• Little Bird

Proprioception- essential for regulation

Updated: May 27, 2020

Proprioception is one of the main senses that I focus on in Occupational Therapy or any of my work with kids. It is your sense of where you and your body parts are in space, of where you or your limbs are moving and the force of your movement. It comes from receptors located in your muscles and joints. Proprioception is a key modulator in the nervous system- it helps the nervous system to maintain an optimal arousal by upregulating or downregulating (energizing you or calming you down), or by changing the amount of sensation you feel. It helps to organize sensation and allows a person to feel grounded and in touch with their surroundings and their body, shifting a person from a survival fight or flight mode to connection and exploration. 

Some signs that your child might struggle with proprioception or are seeking extra proprioceptive input to regulate themselves are:

  • They bite or chew on objects such as their fingers, sleeves, or pencil

  • They seem to lack awareness of their own strength (ie. Push too hard when writing, slam doors, frequently drop things)
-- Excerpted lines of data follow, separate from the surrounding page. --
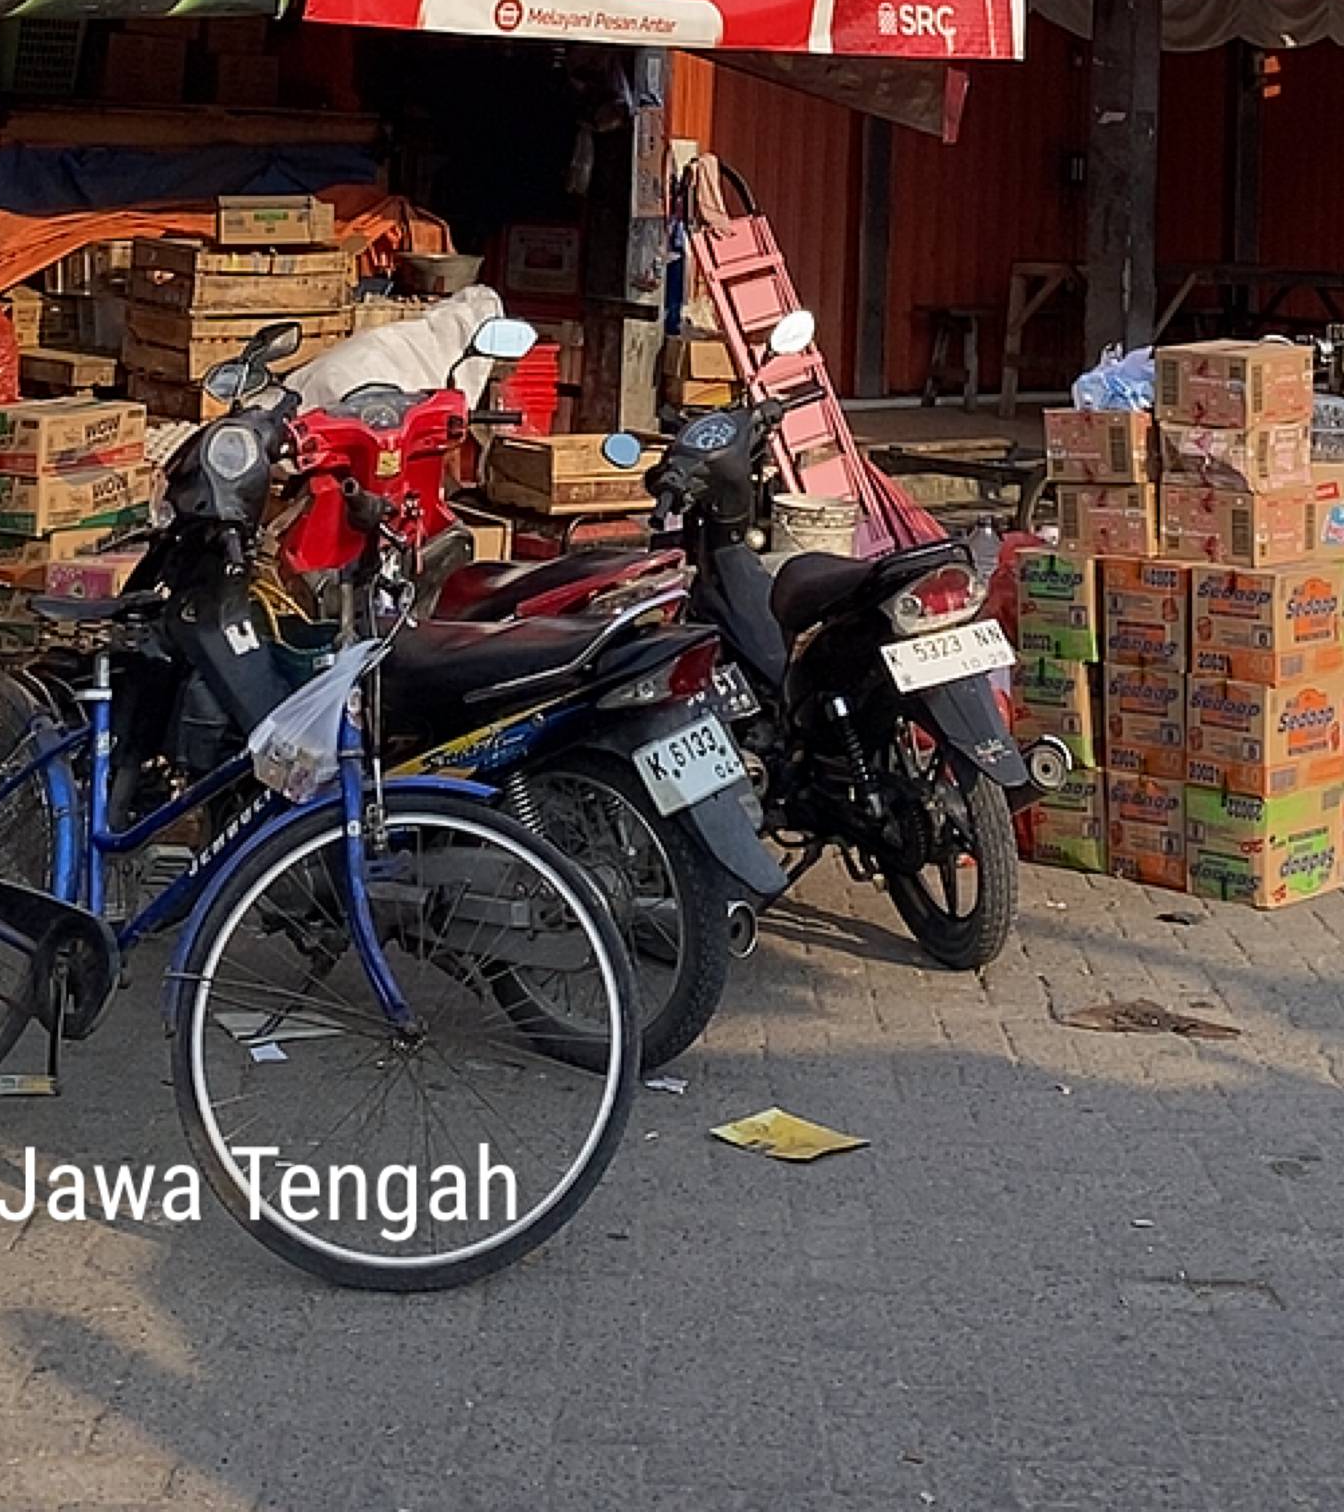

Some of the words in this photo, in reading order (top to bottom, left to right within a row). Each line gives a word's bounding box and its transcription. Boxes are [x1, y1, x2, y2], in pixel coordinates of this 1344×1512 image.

[526, 6, 592, 31] Melayani
[593, 11, 639, 32] Pesan
[639, 15, 678, 34] Antar
[898, 3, 957, 37] SRC
[887, 645, 904, 670] K
[974, 625, 1005, 648] NN
[644, 751, 670, 783] K
[671, 725, 717, 767] 6133
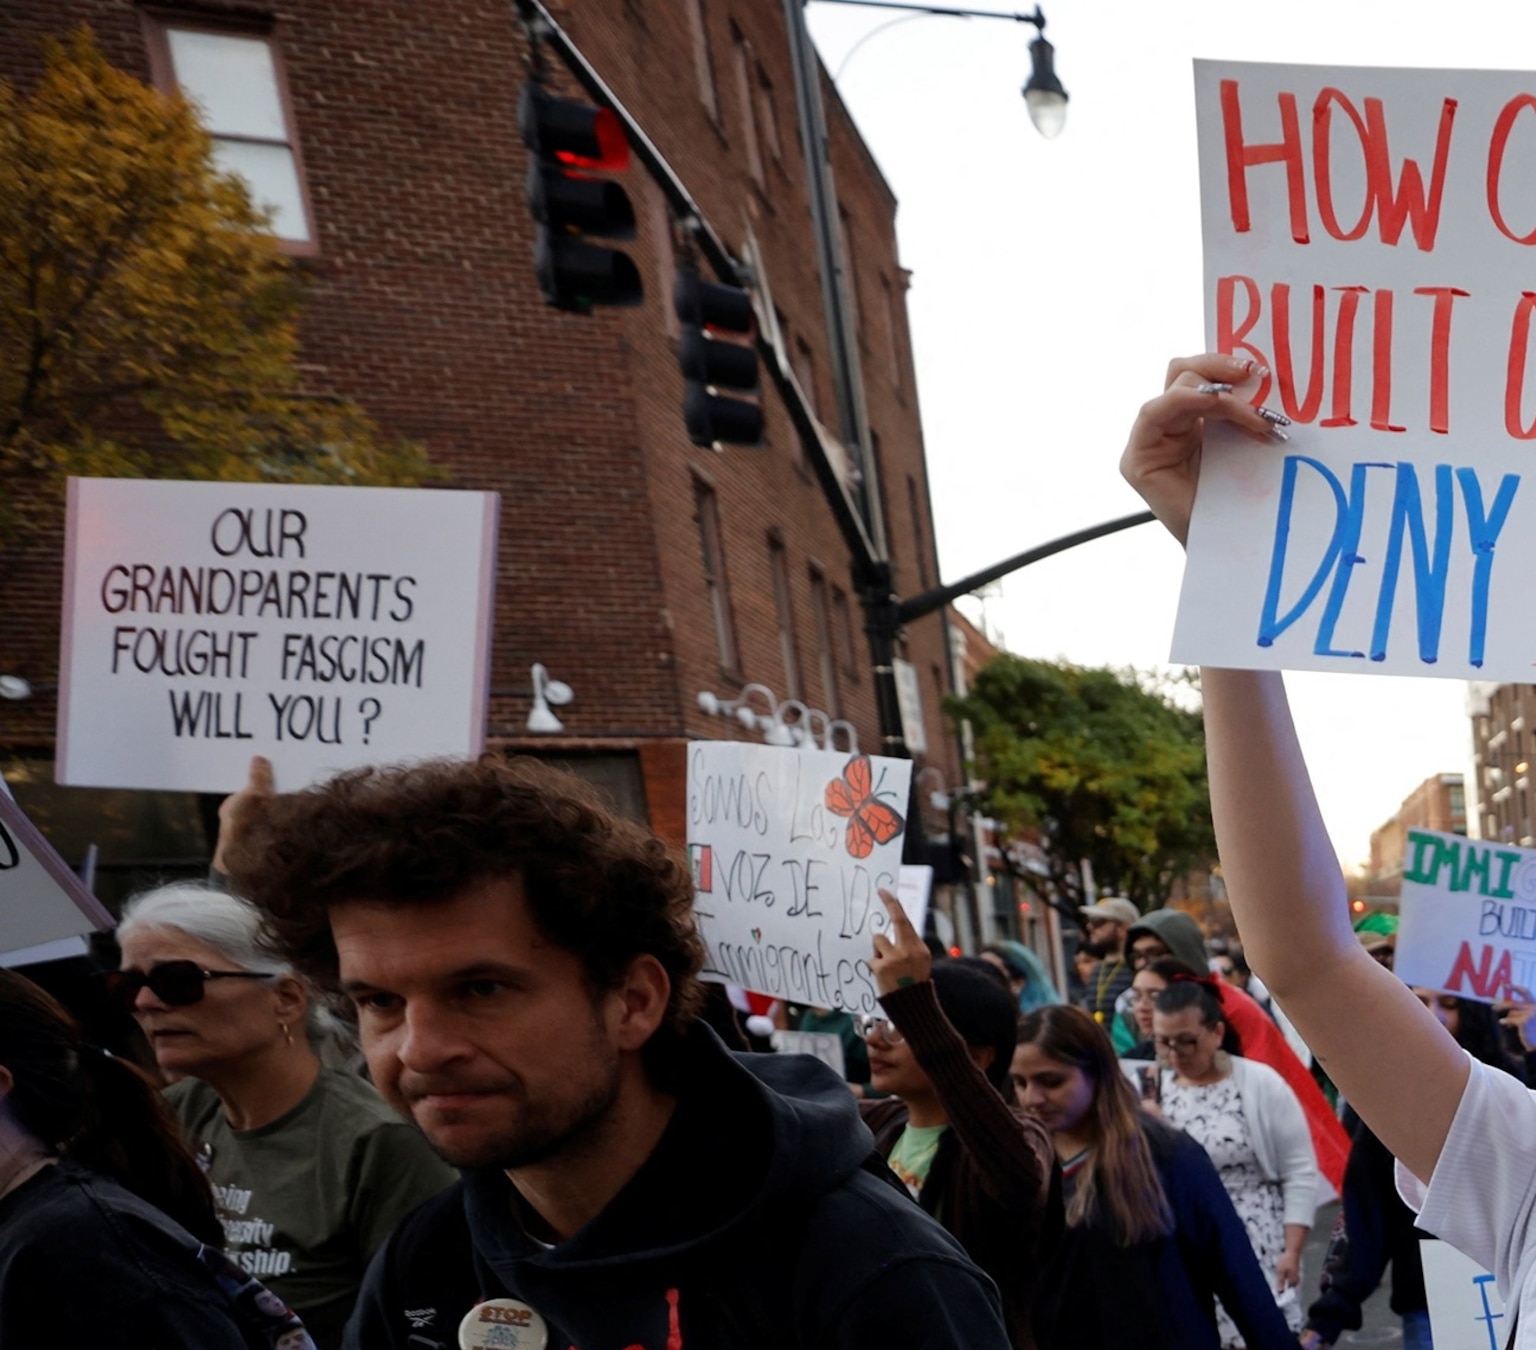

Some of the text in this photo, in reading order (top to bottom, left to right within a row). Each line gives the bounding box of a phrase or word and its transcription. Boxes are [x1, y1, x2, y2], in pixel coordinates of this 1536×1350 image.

[1220, 79, 1458, 252] HOW
[1217, 275, 1471, 434] BUILT
[212, 508, 307, 557] OUR
[1257, 455, 1521, 668] DENY
[101, 564, 417, 622] GRANDPARENTS
[112, 627, 424, 687] FOUGHT FASCISM
[169, 690, 252, 738] WILL
[713, 850, 776, 908] VOZ
[782, 858, 828, 917] DE
[480, 1306, 532, 1321] STOP
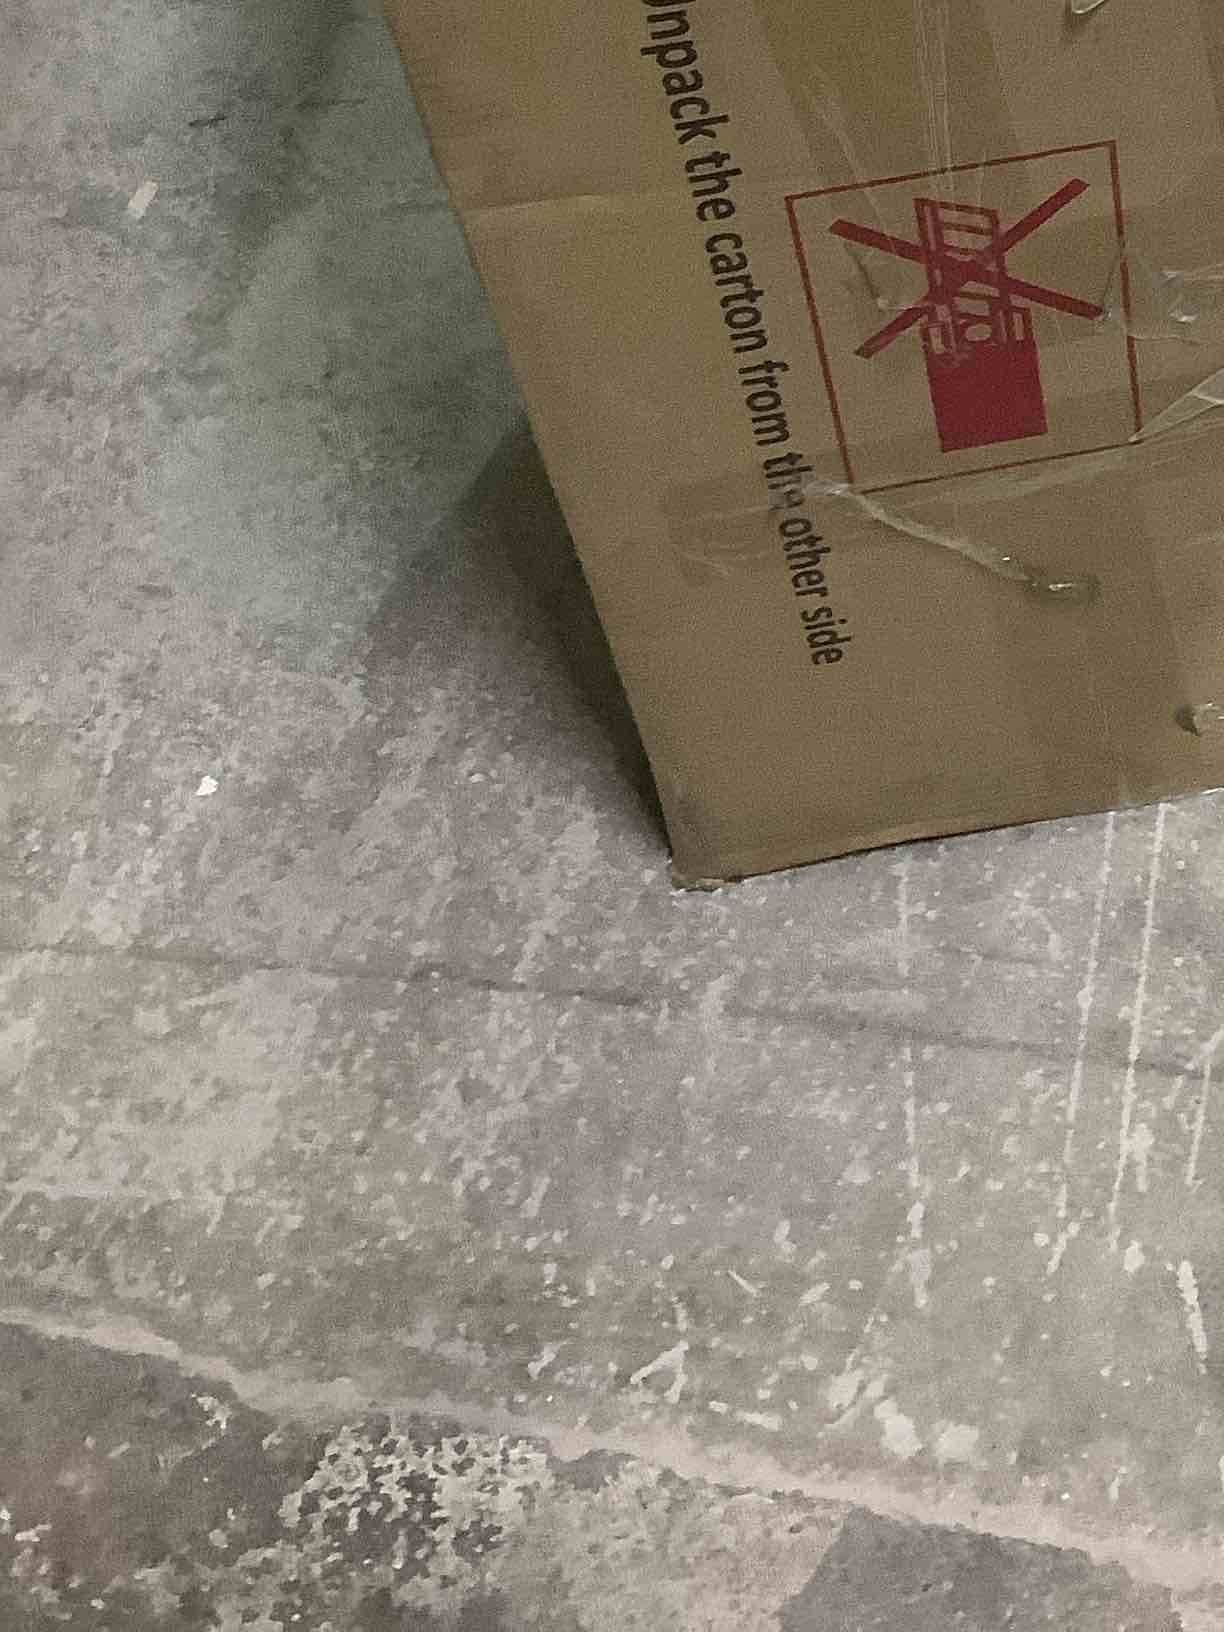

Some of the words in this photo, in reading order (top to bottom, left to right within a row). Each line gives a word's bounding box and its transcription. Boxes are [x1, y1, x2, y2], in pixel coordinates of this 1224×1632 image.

[684, 150, 744, 222] the
[703, 229, 769, 354] carton
[738, 358, 790, 447] from
[763, 452, 814, 512] the
[778, 514, 832, 600] other
[801, 602, 854, 666] side
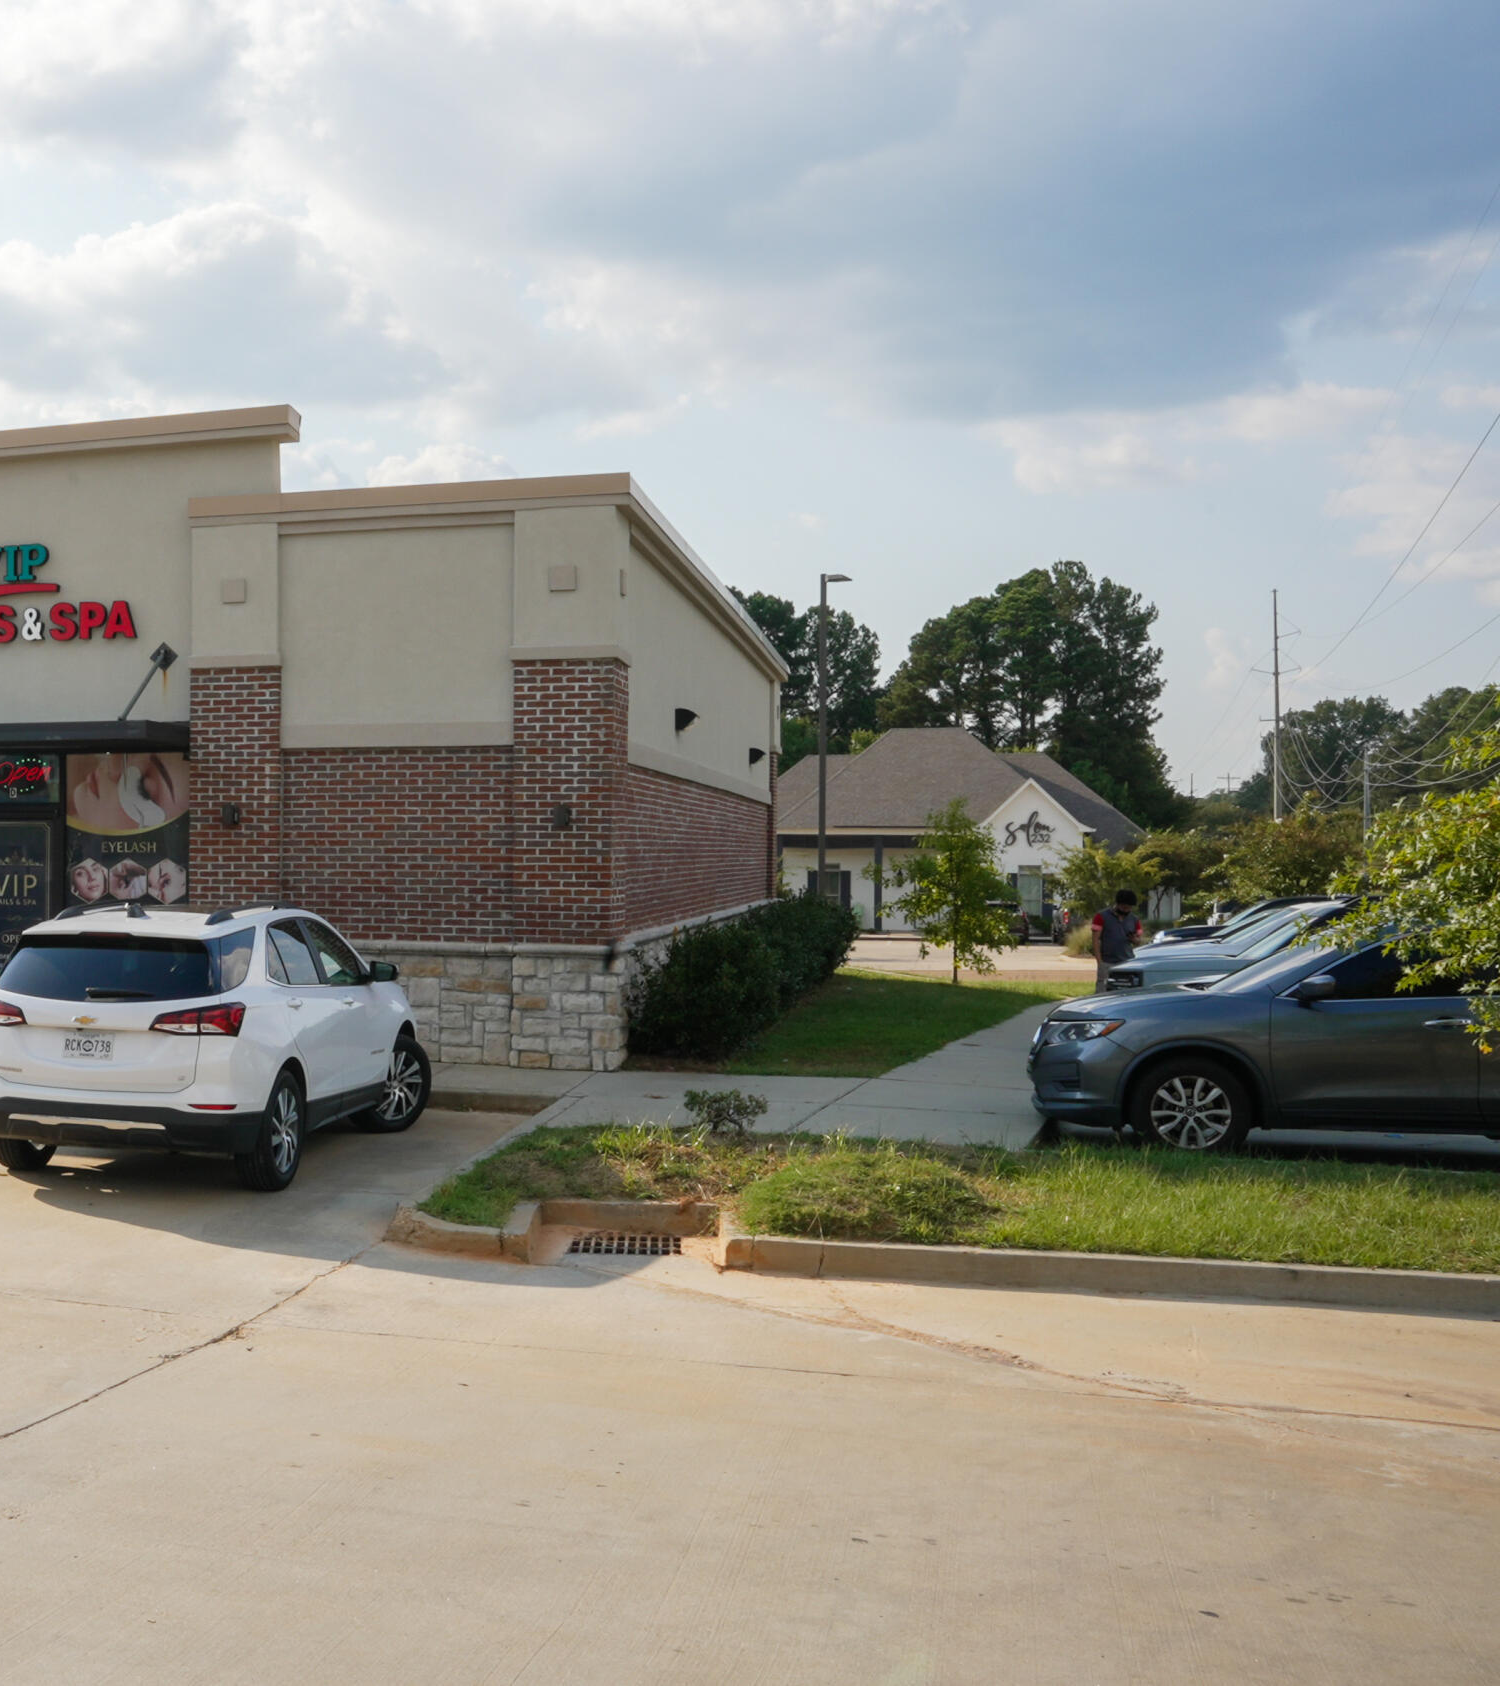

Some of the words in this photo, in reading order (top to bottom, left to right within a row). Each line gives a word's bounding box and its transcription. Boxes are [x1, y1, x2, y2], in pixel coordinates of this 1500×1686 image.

  • They write very lightly

  • They enjoy rough and tumble play, crashing, jumping and climbing

  • They walk on tip toes

  • They walk heavily or stomp frequently

  • They love being squished, hugged, or hiding in tight spaces

  • They have a hard time isolating body movements such as touching their nose with their finger with their eyes closed

  • They play rough with other children or pets

  • They enjoy hyper extending their joints or banging body parts together

  • They lack an awareness of personal space

  • They struggle with coordination

Giving children opportunities for extra proprioceptive input throughout the day can help them make sense of their body in space and can help them regulate. Some ways to do this are through heavy work- using the body against resistance. Some examples are doing pushups, catch with a medicine ball, climbing, pulling a heavy wagon, swimming, carrying something heavy or helping with chores.